By Joan Slonczewski from Tom Doherty Associates

Copyright

1

The space lift rose from the Pacific, climbing the cords of anthrax bacteria. Anthrax would have blackened the blood, before the bacteria were tamed to lift freight into orbit. Now anthrax brought tourists up to spacehab Frontera, ready to hit the off-world slots. And it brought students to Frontera College, safe above their disaster-challenged planet.

Frontera College was tomorrow’s destination for Jennifer Ramos Kennedy. The day before lift-off, Jenny was trimming her orchids in the greenhouse atop her home in Somers, New York. Shears hovered at a fading purple vanda as Jenny’s brain streamed the blades to snip the stem, just above the node where the orchid would bloom. Outside the window, a laser sliced that afternoon’s growth of kudzu. Three-lobed leaves showered down through the vines, revealing the yellow snake-like swathe of an ultraphyte.

“¡Oye!”
Ultraphytes from off-world had killed three thousand people when they first crept ashore from Great Salt Lake. They’d since spread across the country, to Somers and beyond. The one outside now twined around a kudzu vine, absorbing ultraviolet from the August sun. A squirrel scampered up to the off-world invader, attracted by the eyespot of one of the ultraphyte’s thirteen yellow cells. Cells the size of an apple; a microbe you didn’t need a microscope to see. But biting one was not a good idea.

Jenny blinked open a window in her toybox, a cube of light that hovered just before her eyes. The toybox windows flashed everything from the president’s latest poll to Somers High’s last slanball score. The window she blinked was her mother’s. It streamed her brain’s request into Toynet, then out to her mother, wherever she was just then. The window flashed away precious seconds while the ultraphyte began to slink off through the vines.

At last her mother appeared in the toybox window. “Jenny,
hijita,
did you upload your room?
Un momento,
I’ve got an investor.” Soledad Kennedy, of the Cuban Kennedys, her hair swept up in a fashionable smartcomb. Her Wall Street office overlooked the Hudson seawall.

“Mama, there’s an ultra outside. Could I—”

“Call Homeworld Security. Make sure Clive covers you.” Clive Rusanov was the ToyNews anchor. Soledad’s hovering face shifted, attending her investor. “Yes,
hombre,
anthrax futures are just the thing.”

“Homeworld Security?
¡Vaya!
” What a mess, when she should be packing for college. If only she could catch the ultraphyte and keep it in the cellar for experiments, like last time, when she’d found one in the kitchen huddled on a saltshaker. Ultraviolet photosynthesis—a new source of energy. Jenny’s science fair project had won her a trip to Washington and a scholarship that she’d donated to the runner-up. But since then, security had tightened in the War on Ultra. Table salt was now a controlled substance. Frontera College would never let her keep a cyanide-emitting invader up there in the spacehab.

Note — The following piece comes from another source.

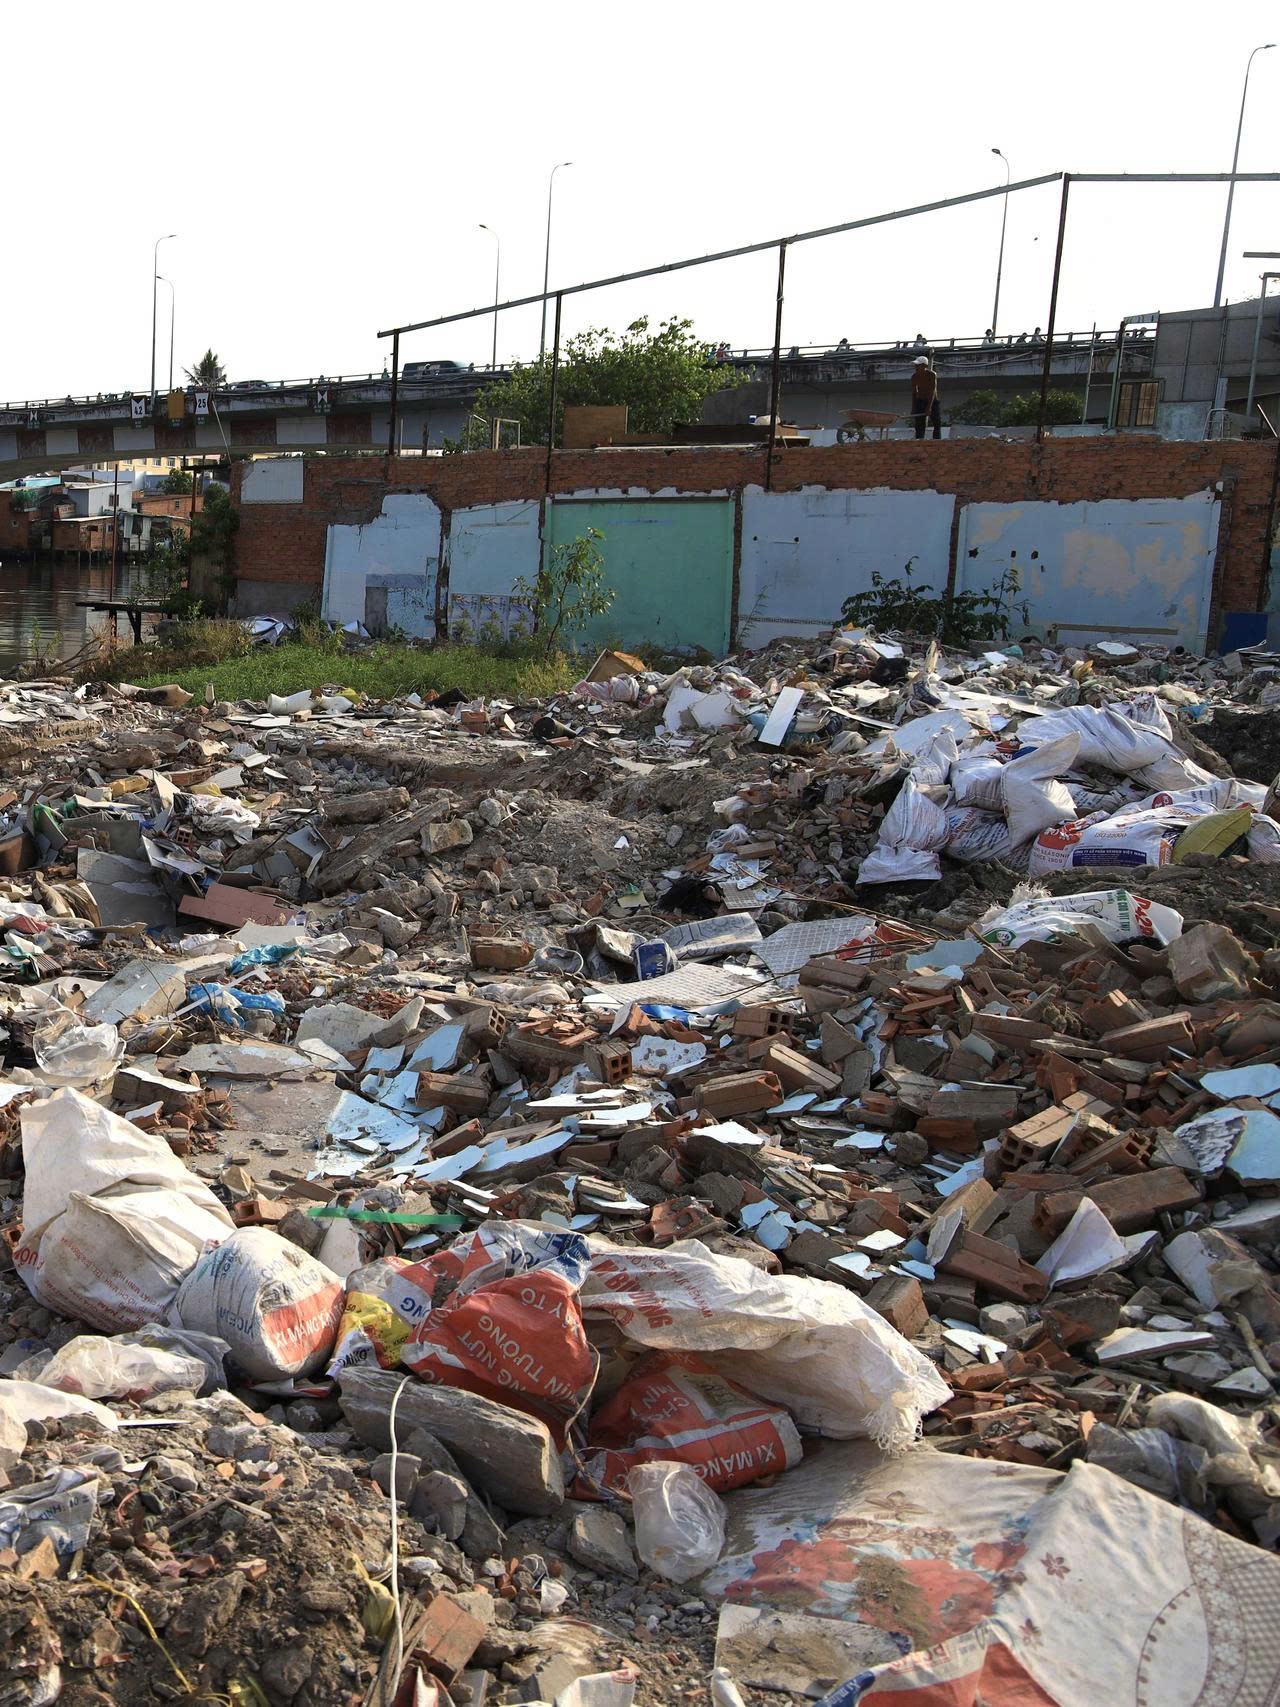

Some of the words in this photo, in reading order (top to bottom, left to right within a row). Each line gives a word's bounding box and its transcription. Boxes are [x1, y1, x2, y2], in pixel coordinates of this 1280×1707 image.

When she looked again out the window, the ultra was gone. It couldn’t have crept far, but she no longer saw it in the mass of leaves below. If only Jordi were here—Jordi Ramos Kennedy, her twin brother cultured from their grandfather, President Joseph Ramos. The storied “President Joe” who’d launched the drive for Jupiter. Jordi would have been out the window by now, scaling the vines after the ultra. But of course Jordi would never be here again.

Below the rooftop greenhouse, the undulating sea of kudzu bathed all of Somers, from her home on the hill down to the Elephant Hotel and for miles around, all the way to the Hudson. In her toybox, three windows opened, bright cubes of light calling toypoint receivers outside the house. Each window combed the kudzu for the vanished creature.

Another blink, and there was her father, from the second-floor toyroom where he ran the North American branch of Toynet. George Ramos, the president’s son, with his usual brush-cut hair and his white shirt with two neckties: red dots on blue, and red squares.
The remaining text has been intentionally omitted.